What are False-Positives?
Scientists are trained to search for the truth in all research, but their approach to data collection processes are flexible, relying on the scholar’s common sense and knowledge to determine the practices they use. This sets all research up to be potentially biased, according to the statistical hypothesis tests that determine the probability that data occurs by chance rather than systematic findings.

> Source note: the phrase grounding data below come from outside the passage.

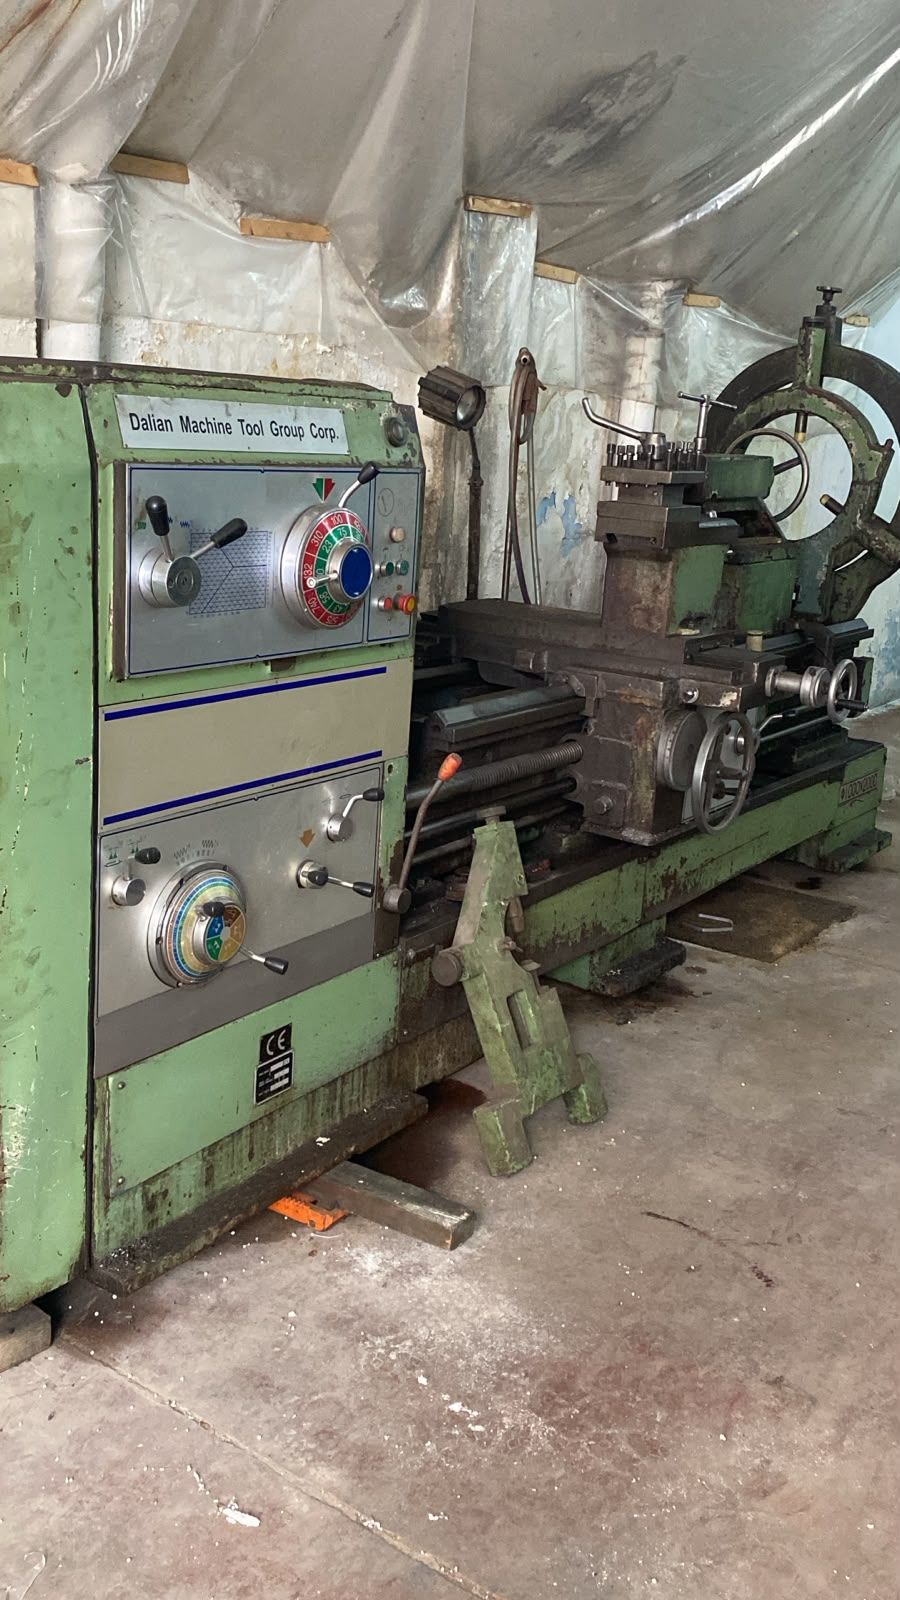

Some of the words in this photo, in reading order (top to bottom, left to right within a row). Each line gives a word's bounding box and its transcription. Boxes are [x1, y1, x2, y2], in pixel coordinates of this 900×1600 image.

[129, 412, 174, 432] Dalian
[179, 415, 232, 435] Machine
[238, 419, 264, 436] Tool
[270, 420, 304, 441] Group
[310, 422, 339, 442] Corp.
[311, 530, 324, 547] 310
[322, 540, 332, 553] 23
[266, 1029, 286, 1056] CE

Between the flexible aspect of using the researcher’s knowledge to analyze the data they have and the scientist’s own preference for a particular outcome, there is ambiguity in research, no matter how much the intent is to be unbiased. The researcher is almost solely responsible for deciding the number of data points, the key terms to be searched, the types of variables that should be analyzed and reported, the controls that are used, and the factors that are included in the research report. These decisions that might seem minute and unnecessary to the final outcome could have a degree of control in the process and, no matter how tiny it is, could have an effect on the results of the experiment enough to cause it to read as a false-positive.
How Bias Encourages False-Positive Results
Bias is defined as a combination of factors that integrate together to produce a research finding that would not have been naturally created. These factors include things like design procedures, data collection methods, statistical and empirical analysis methods, and presentation decisions. Bias is not the same as chance, because chance outcomes are possible even when all of the factors are completely neutral. Bias is the manipulation of an outcome, whether consciously or subconsciously, resulting in false findings. The more instances of bias, the less likely an outcome are to be true. Reverse bias also occurs in which true findings are adjusted due to factors such as conflict of interest or inefficient data recovery. However, it’s more likely that false-positives due to measurement errors and overall inefficiency in an area are the reason for so many potential invalid outcome claims.
The Disastrous Consequences of Inaccurate Studies
The challenges of creating bias-free outcomes are common to all scientists. The biggest opportunity for bias to occur is during the interpretation of observations. During this time, our own beliefs, opinions, and experiences can shift how we view what is in front of us and what we use in our studies. Statistics help keep the focus on logical findings and to catch errors, but it’s still easy to choose what measures are used based on the preferred outcome.
Inaccurate studies based on false-positives have the potential to be disastrous. With COVID-19, for instance, false-positives resulted in significantly skewed results in some states that created government policies to shut down businesses, caused small business owners to go out of business, and made it difficult for healthcare workers and everyone on the frontline, including policymakers, to know how to move forward safely.
This one example of the disastrous consequences of false-positives and inaccurate studies has caused many researchers to second-guess how they are approaching their work. The need for science to be beyond reproach has never been more apparent, and the already high standards in academia have now been elevated further.